Ellie Duchow, Martha ReQua, Amanda Duchow, and Ray Kracik Photography by Caitlin Saville Collins
After Martha ReQua lost her husband Chuck to melanoma, she vowed to continue on with his popular Market Square Car Show, and today is helping advance the mission of the Skin of Steel foundation that is on the cusp of a huge breakthrough.
When Chuck ReQua lost his battle to melanoma in the summer of 2004, it was just weeks after the annual Market Square Car Show he produced in Lake Forest each July. As the owner of Memory Lane Motors on Route 176, ReQua’s collection of classic cars was a popular draw for hundreds of visitors. So when his widow Martha was approached to keep it going the following year, she knew the show must go on.
“I said I would do it if I could make it a fundraiser for melanoma research. It’s grown every year since,” she says proudly. ReQua admits she’s “not a car guru, I was just married to one,” and credits the show’s success to partnerships, such as eventually teaming up with Ray Sorenson of Lincolnshire’s Blackdog Speed Shop who now produces the event by assembling individual auto owners.
The turning point for ReQua though came in 2010 when she met Susan Steel, a melanoma survivor and founder of the Skin of Steel Foundation, a Glenview-based nonprofit that is committed to advancing the education, prevention and research behind skin cancer. ReQua read an article about Steel’s groundbreaking medical decisions in the Tribune and was immediately drawn to her. “She’s a phenomenal woman,” ReQua says. “She’s such an advocate for herself and a true survivor.”
Unlike ReQua’s husband who quickly passed at the age of 61, just months after the cancer had metastasized in his brain, Steel has been living with the disease for 10 years largely by traveling throughout the country to participate in advanced and risky clinical trials. “Every trial I go on, I sign 30-40 page waivers,” she admits, but it has not been for naught. “When I had my first prognosis, the surgeon called me up in tears and said I had less than 6 months, and since then I’ve been repeatedly told I was done. But you can defy expectations once you know it’s possible.”
The reason she is surviving, she says, is because she’s on the cusp of the latest research, “and I have access to it,” the reason why she is now also fighting to create the country’s first Melanoma Tissue Bank that will utilize fresh-frozen tissue to allow researchers to study both DNA and RNA to better predict susceptibility and provide a more strategic approach to personalized medicine. Steel and her foundation believe it will be the key to the cure and provide melanoma cancer with the same advances that breast cancer and prostate cancer have enjoyed, both of which have similar Tissue Banks in place.

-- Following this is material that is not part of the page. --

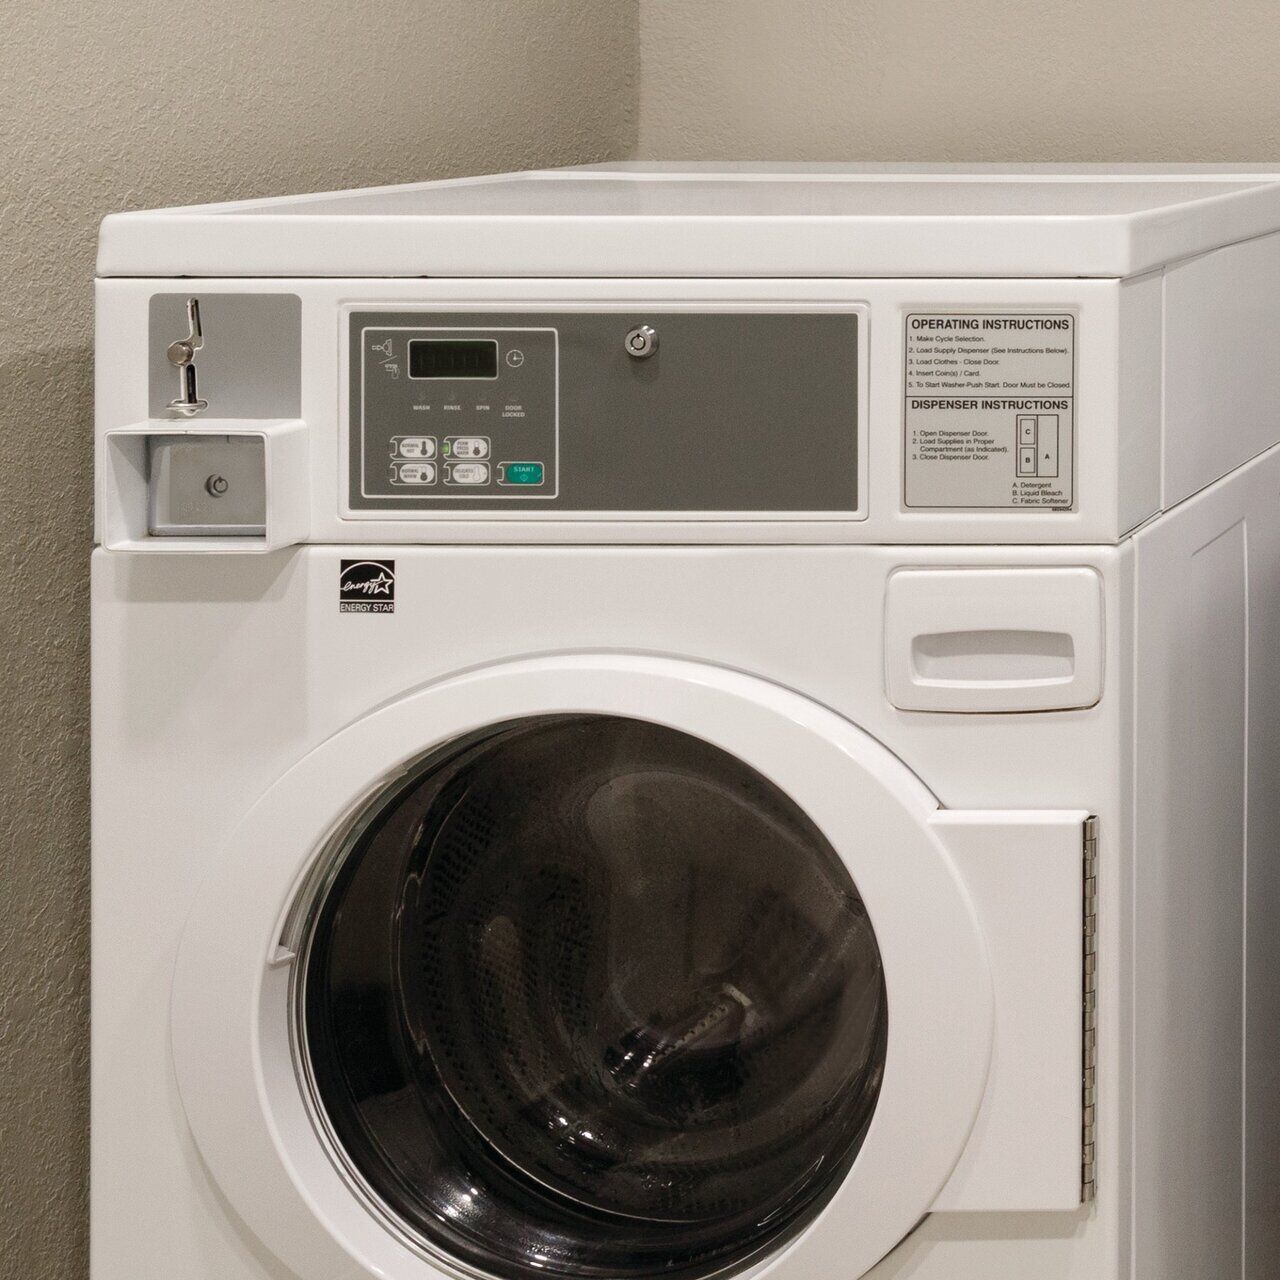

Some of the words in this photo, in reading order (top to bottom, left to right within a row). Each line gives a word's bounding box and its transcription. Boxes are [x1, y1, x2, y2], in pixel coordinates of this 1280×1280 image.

The idea for the Bank comes at an opportune time as melanoma is the fastest growing cancer in the world, particularly at alarming rates for younger generations. Skin Of Steel says that cases of pediatric melanoma have increased by 30% in the past 10 years and it is one of the most common causes of cancer for adults 25-29 years old. “Sun safety really has to start from the time of birth,” says Steel who believes she contracted melanoma from both a genetic and ethnic vulnerability (her northern Italian and Irish background are two of the most susceptible groups) and spending entire summers on the beaches of the Jersey Shore where she grew up.
As such, Steel encourages the use of sunscreen from 9 a.m. to 4 p.m. and annual skin checks at the doctor. ReQua also hopes to hand out sunscreen samples at the Car Show this year. “Given the environmental factors, my guess is that the situation is going to get more difficult before we resolve it,” says Steel, a fact that encourages her to keep pushing forward for the Tissue Bank.
In a huge step, Skin Of Steel has developed a consortium across the country that will involve researchers and oncologists at the University of Pittsburgh Medical Center, Northwestern University, California Pacific Medical Center and Oregon Health & Science University. “Because we were willing to step up and raise the money they got serious about participating,” she says, noting that an initial goal of $3.5 million has been largely supported by individual donors and a series of exposure events like the Market Square Car Show, which raised $10,000 for Skin of Steel in 2014.
“The research has come so far in the last ten years that Susan has been fighting it, you just think, ‘My God, if we’d only been able to go a couple more years, maybe there would have been something that would have helped Chuck,” says ReQua. “If I can help just one person or make them aware so they don’t have to go through the pain I did in losing a spouse, that’s why I keep doing this. I keep thinking it’s going to make a difference in somebody’s life.”
The Market Square Car Show will take place on Thursday, July 23, beginning at 6:30 p.m.